Patto di stabilità, il sì a malincuore della Meloni: “Meglio del passato”. Ignari i ministri al Colle

Patto di stabilità, il sì a malincuore della Meloni: "Meglio del passato". Ignari i ministri al Colle

Sono da poco passate le 17 quando Sergio Mattarella sta per entrare nell’immenso Salone dei Corazzieri del Quirinale per la tradizionale cerimonia dello scambio di auguri con i rappresentanti delle istituzioni e della società civile. Tra le prime file, un ministro di peso e che ha una certa confidenza con il dossier, continua a manifestare evidenti perplessità sull’eventualità che l’Ecofin in corso proprio negli stessi minuti si concluderà con un accordo sulla riforma del Patto di stabilità. Anzi, ipotizza un nuovo rinvio, a metà gennaio. Di fatto, è la linea che Palazzo Chigi tiene ormai da qualche settimana e che ha ribadito al Consiglio Ue della scorsa settimana. Confermata – sempre al Colle, ma questa volta quando sono ormai passate le 18 e a cerimonia conclusa – da un altro ministro di prima fascia. Che mentre è nel cortile del Palazzo del Quirinale, ormai a pochi metri dal portone, dubita del cronista che gli chiede un commento sul via libera appena arrivato dall’Ecofin. «Ma figuriamoci…», sorride. Salvo poi arrendersi davanti ai flash d’agenzia mostratigli sullo smartphone.

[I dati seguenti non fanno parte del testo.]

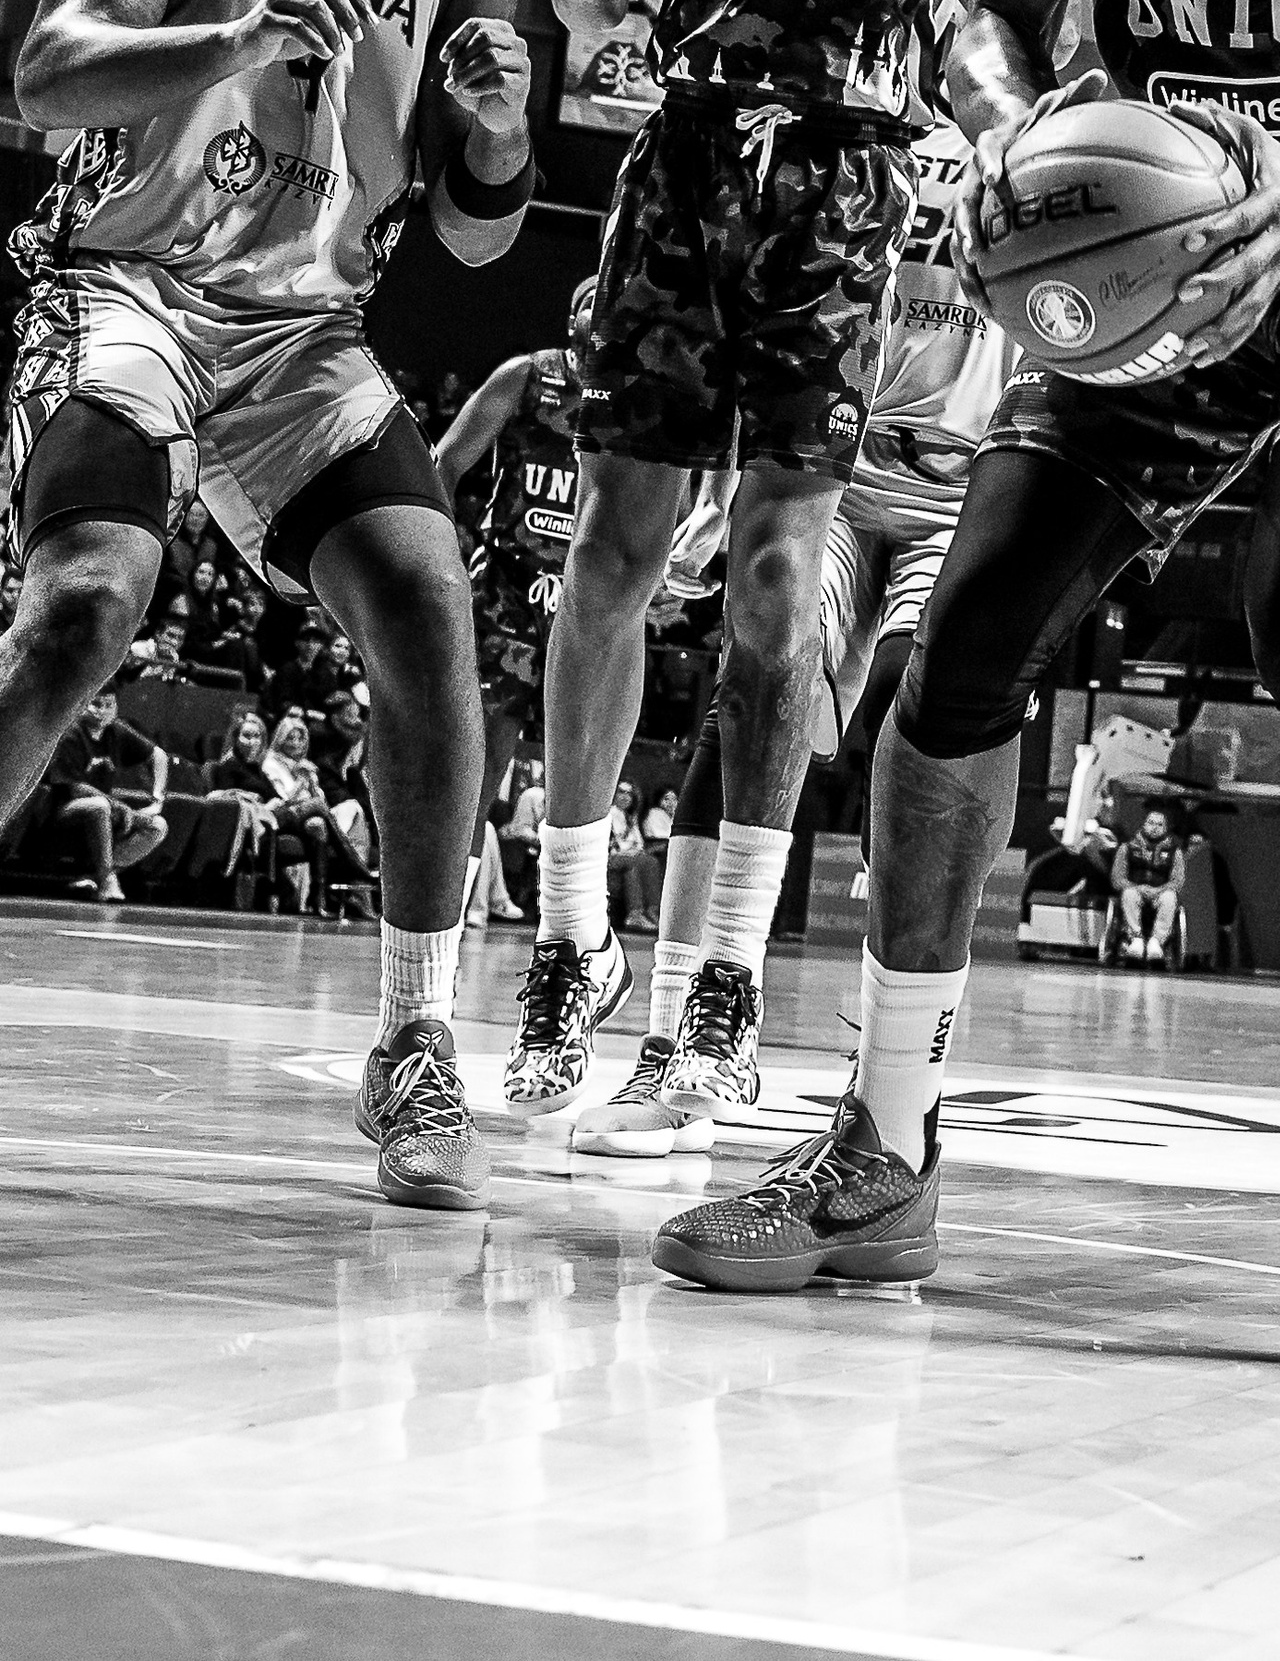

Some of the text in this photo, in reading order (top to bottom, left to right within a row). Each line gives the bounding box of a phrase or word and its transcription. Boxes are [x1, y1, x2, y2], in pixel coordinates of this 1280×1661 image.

[906, 299, 987, 331] SAMRUK
[828, 417, 859, 436] UNICS
[928, 1006, 956, 1065] MAXX

Questa la cronaca della giornata. Che racconta di un corto circuito nelle fila del governo. O i due hanno dissimulato alla perfezione e senza la minima incertezza, oppure durante la riunione da remoto dell’Ecofin – «non ho niente contro le videoconferenze, ma anche no a chiudere via video un accordo che condiziona l’Italia per anni», aveva detto un non troppo profetico Giancarlo Giorgetti ad Atreju – qualcosa non è andato come si aspettava Palazzo Chigi. Certo, che a Bruxelles il clima delle ultime 48 ore fosse più disteso non è un mistero, come pure non è un segreto che il governo italiano non ha molto gradito l’accelerazione di martedì di Germania e Francia, con i rispettivi ministri delle Finanze – Christian Lindner e Bruno Le Maire – che hanno dato pubblicamente per fatto l’accordo, facendo per giunta sapere che anche l’Italia era sulla stessa linea. Per Giorgia Meloni non tanto un problema di merito (su cui in effetti l’intesa è sostanzialmente stata raggiunta da giorni) quanto di forma. Con Berlino e Parigi che hanno voluto far pesare il ruolo in Ue dell’asse franco-tedesco.

Appena le agenzie battono il via libera dell’Ecofin, arriva a stretto giro il plauso di Berlino, Parigi e dei vertici delle istituzioni europee («decisivo il contributo dell’Italia», dice il commissario all’Economia, Paolo Gentiloni). La Lega è inaspettatamente la prima ad applaudire all’intesa, mentre Fdi temporeggia. Le prime dichiarazioni di Fratelli d’Italia parlano di «compromesso», lo stesso termine che userà Meloni in una nota che arriva quando sono ormai le nove di sera: «Un compromesso di buonsenso». E ancora: «Nonostante posizioni di partenza molto distanti, il nuovo Patto risulta per l’Italia migliorativo rispetto al passato», con «meccanismi graduali di riduzione del debito e di rientro dagli elevati livelli di deficit del periodo Covid». La clausola transitoria triennale 2025-2027, infatti, prevede di tenere in considerazione l’aumento degli interessi sul debito nel calcolo del taglio del deficit. E permette a Parigi e Roma di rinviare la maggiore rigidità al 2027 (quando si voterà per le presidenziali in Francia e quando terminerà la legislatura in Italia).

Insomma, mentre al Quirinale diversi ministri si scambiano gli auguri convinti di un rinvio, Meloni e Giorgetti – dopo ripetuti contatti – decidono di mettere da parte la minaccia del veto e danno l’ok. La premier sente anche Matteo Salvini, ma è probabile che l’argomento della conversazione sia soprattutto il Mes. Oggi si riuniscono i capigruppo di maggioranza della commissione Bilancio della Camera e si capirà se c’è l’accordo per una ratifica ineluttabile. A ieri sera, in casa Lega giuravano ancora di essere pronti a votare «no».